If the meaning is all in the motion and the individual frame's significance is compromised without the frames that preceded or followed it then what of the whole practice of still photography?

As the film is stopped and the individual frame shown, so the meaning of movement is replaced by a density of detail. Where it not for the "revelation" of this normally non-visible detail (Muybridge's horse with its four hooves aloft) the evaporation of meaning would be apparent, but the detail helps to disguises the void. This disguise though is only fleeting and the expanding chasm of emptiness that is inherent in photography functions something like a black hole sucking implication and association towards it as a cover for its nakedness. This makes photography an ideal coat hanger for context.

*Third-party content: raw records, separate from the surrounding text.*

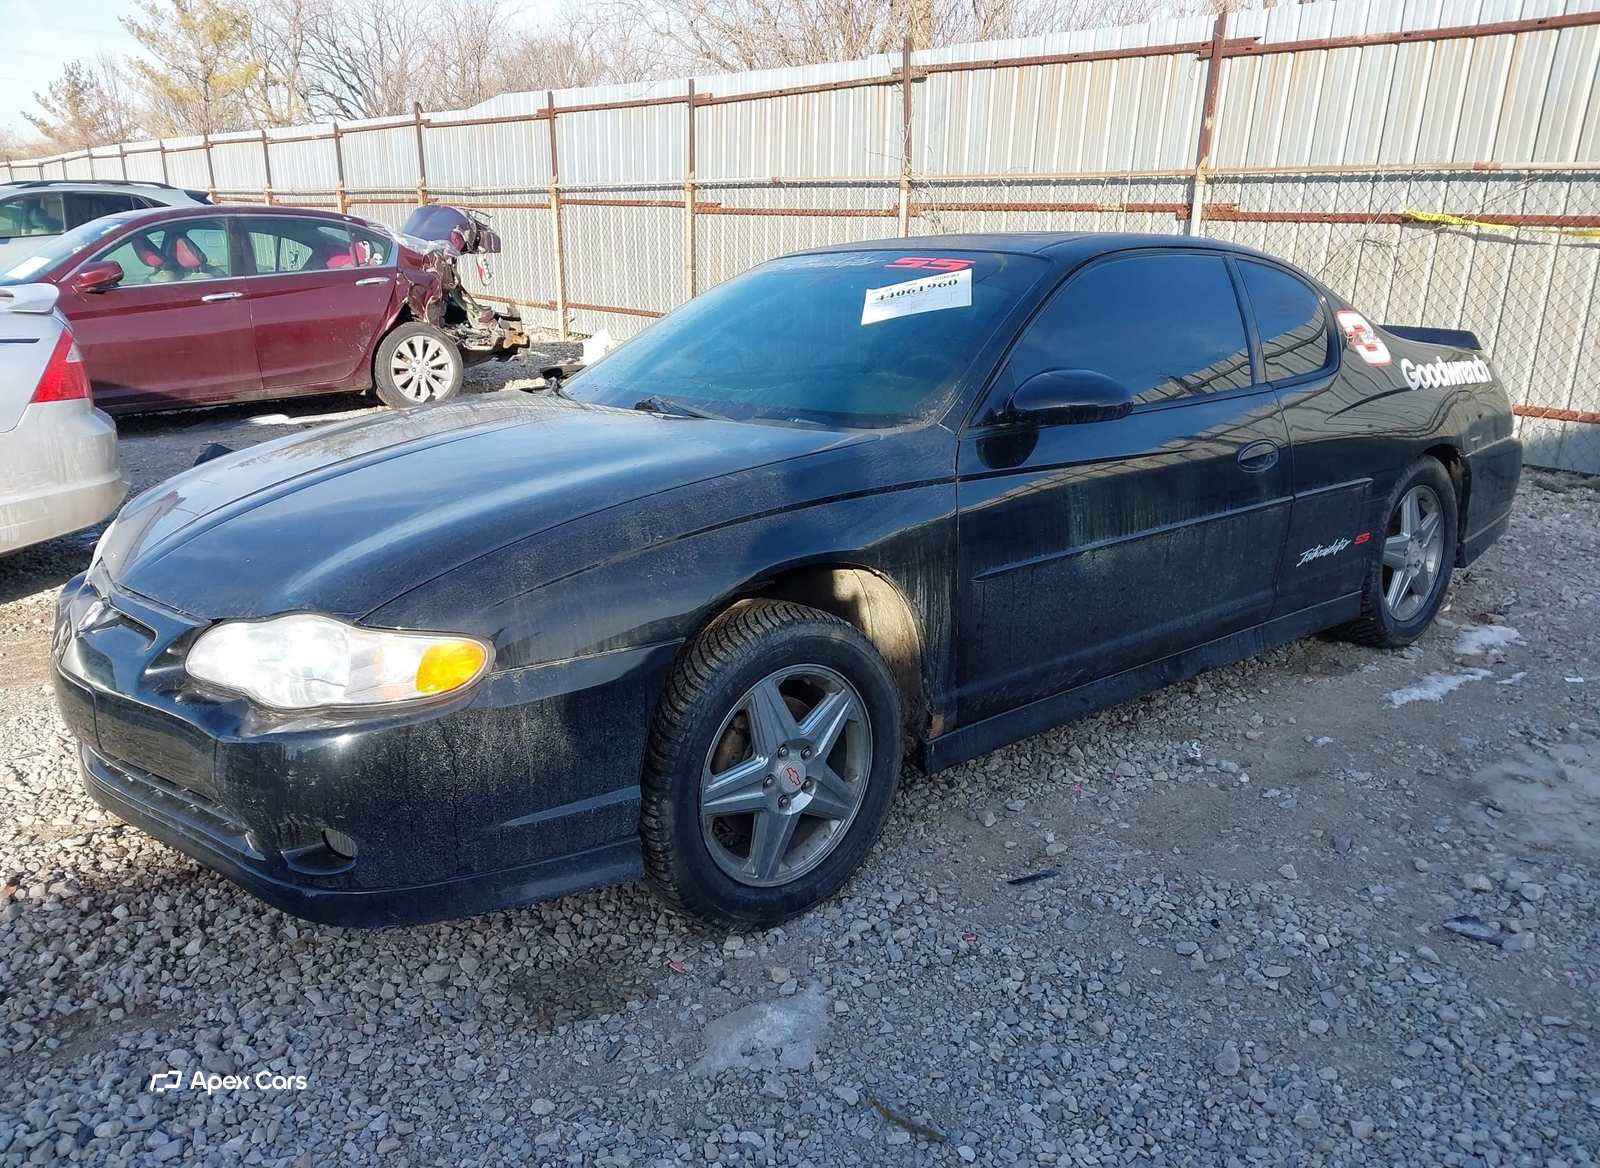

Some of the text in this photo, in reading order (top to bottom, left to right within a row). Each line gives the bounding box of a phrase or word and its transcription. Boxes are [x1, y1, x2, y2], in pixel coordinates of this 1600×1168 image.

[884, 257, 976, 272] SS
[875, 278, 958, 301] 44061960
[1336, 309, 1393, 367] 3
[1400, 354, 1493, 391] Goodwrench
[1353, 532, 1371, 545] SS
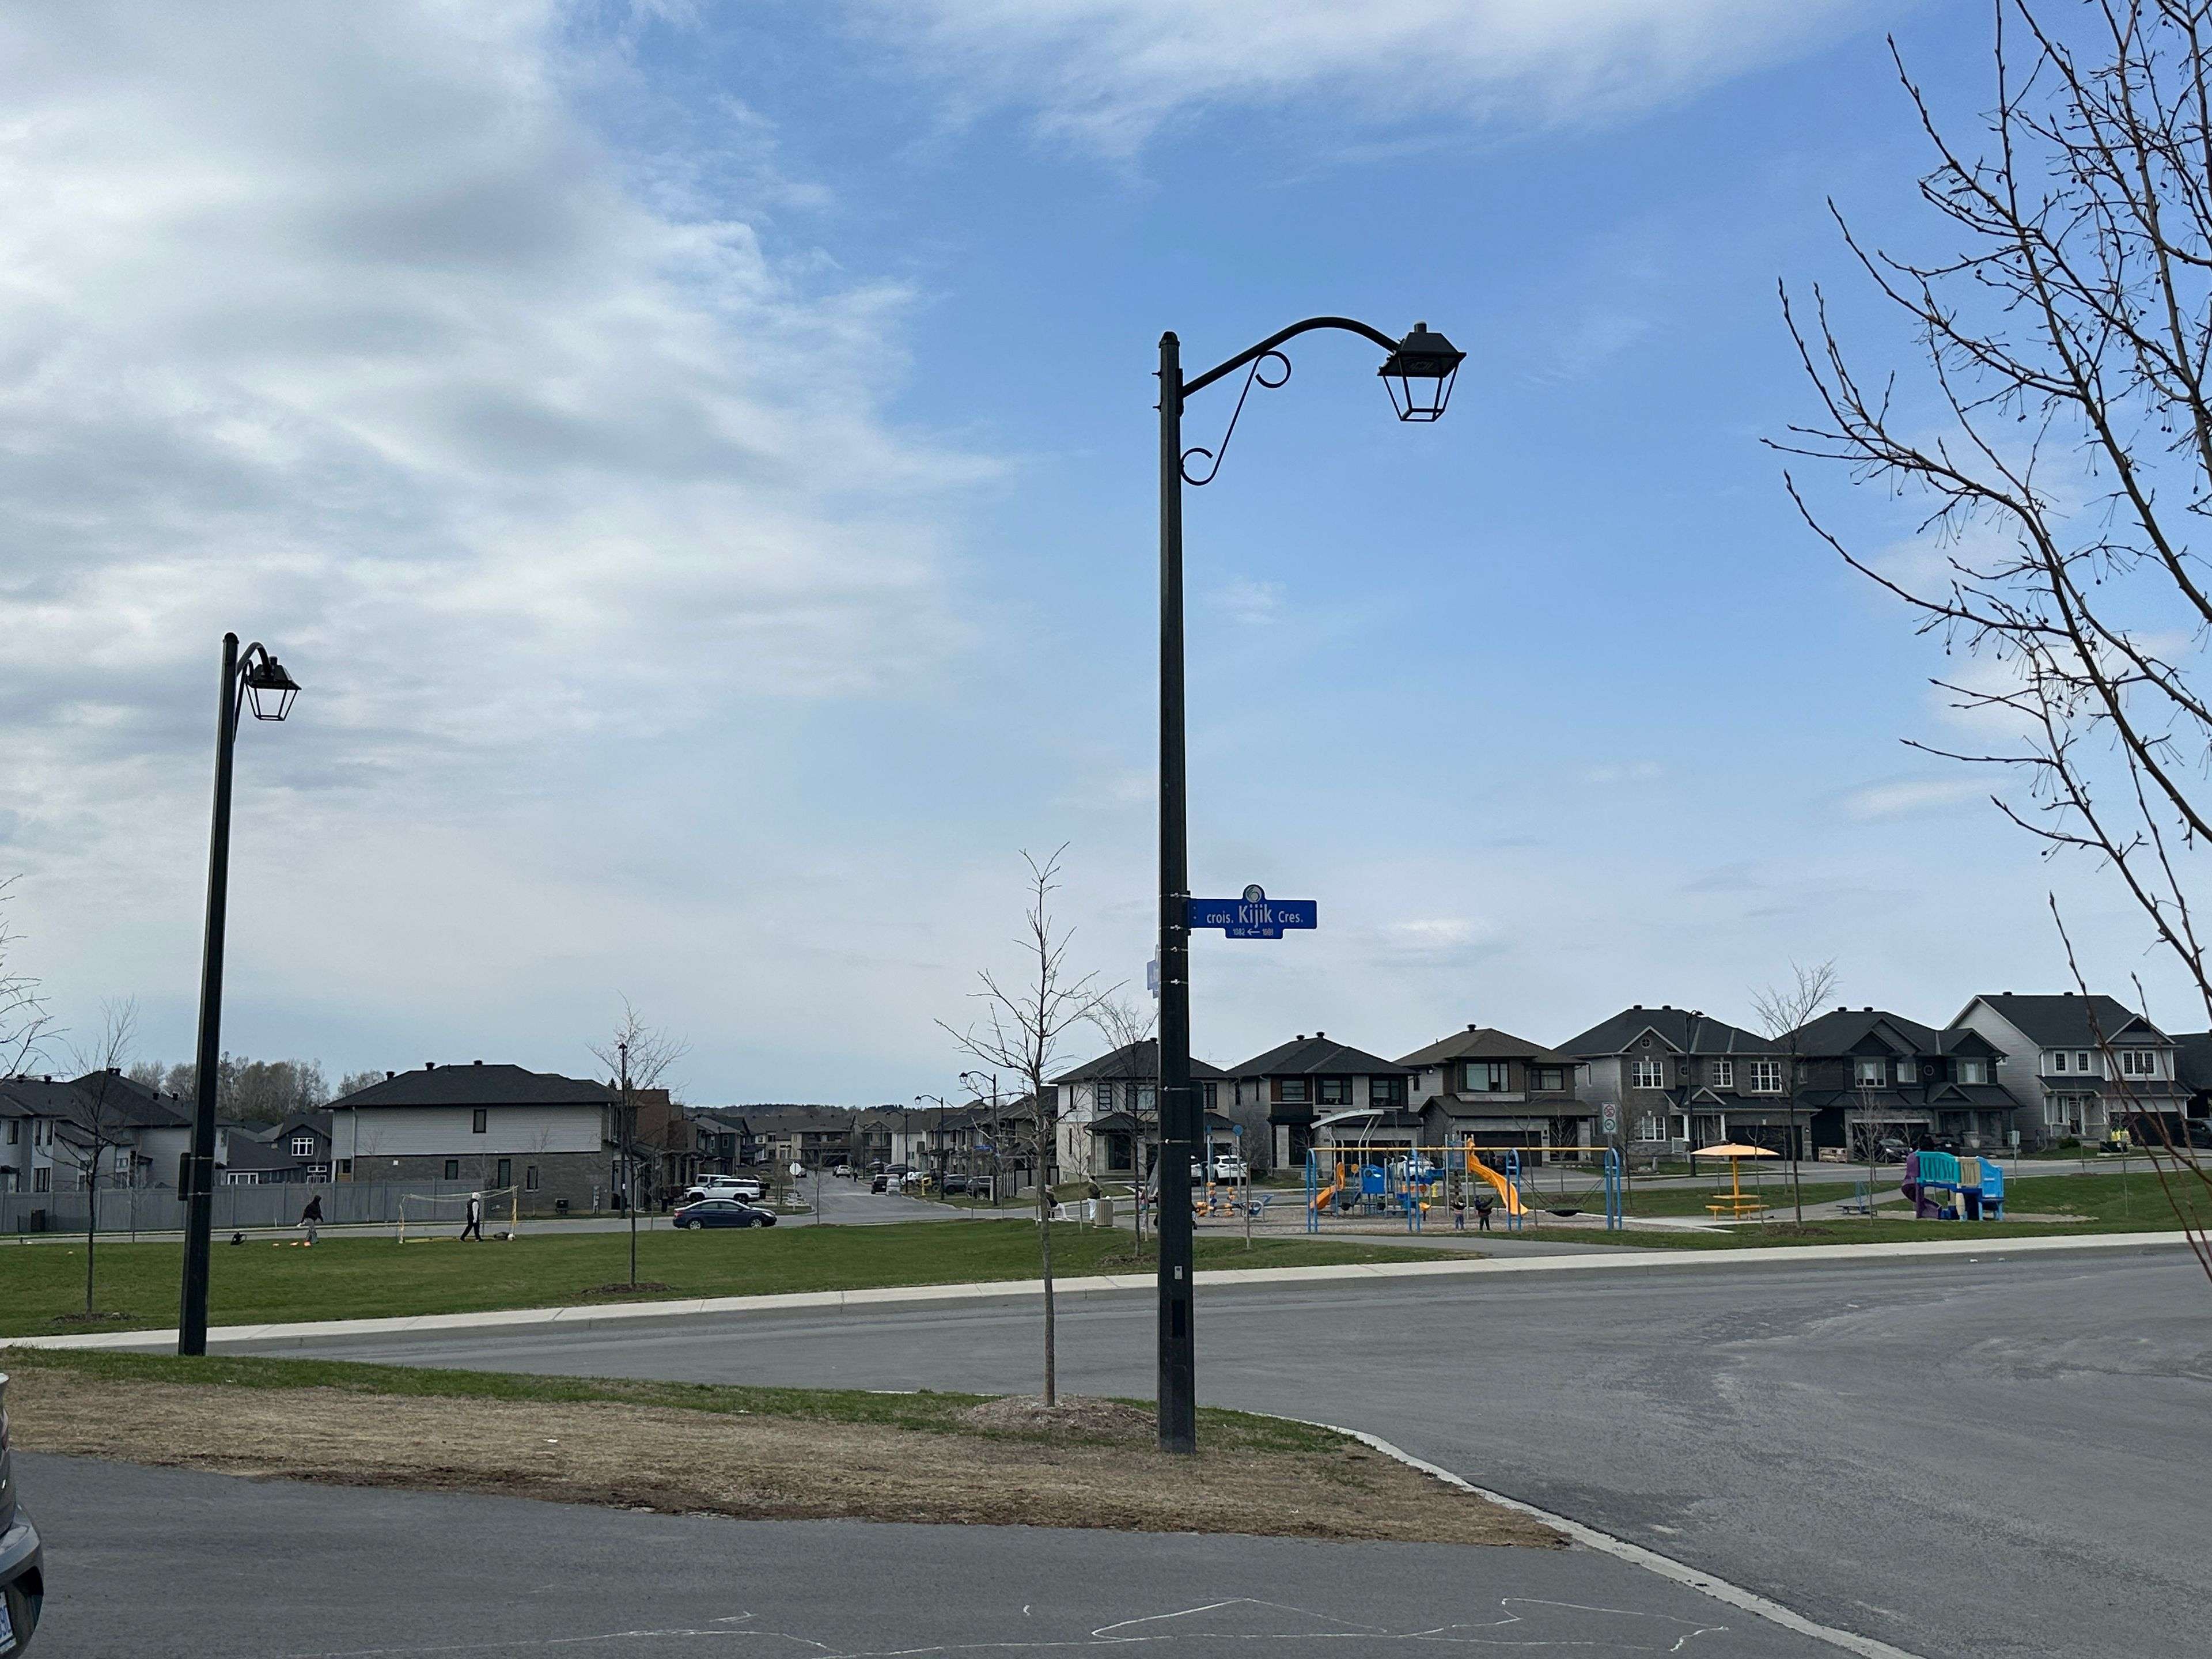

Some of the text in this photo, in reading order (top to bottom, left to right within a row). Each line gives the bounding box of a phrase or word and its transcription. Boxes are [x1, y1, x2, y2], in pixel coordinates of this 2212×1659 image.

[1206, 903, 1304, 928] crois. Kijik Cres.

One thinks of those Taschen books of iconic photographs of the 20th century all apparently pregnant with meaning but in reality merely supports or fronts for content. A content which in large part the viewer supplies. This is less about a reading of the image than a writing of it. Here there is some overlap with the Barthes view of the constructs (social and otherwise) around photography particularly in press photography. However Barthes's view of photography as a perfect analogon ("certainly the image is not reality but at least it is its perfect analogon" from the Photographic Message) fails to appreciate that the "qualities " of the photograph arise not from it being an analogon but the exact opposite, the antitheses of normal vision.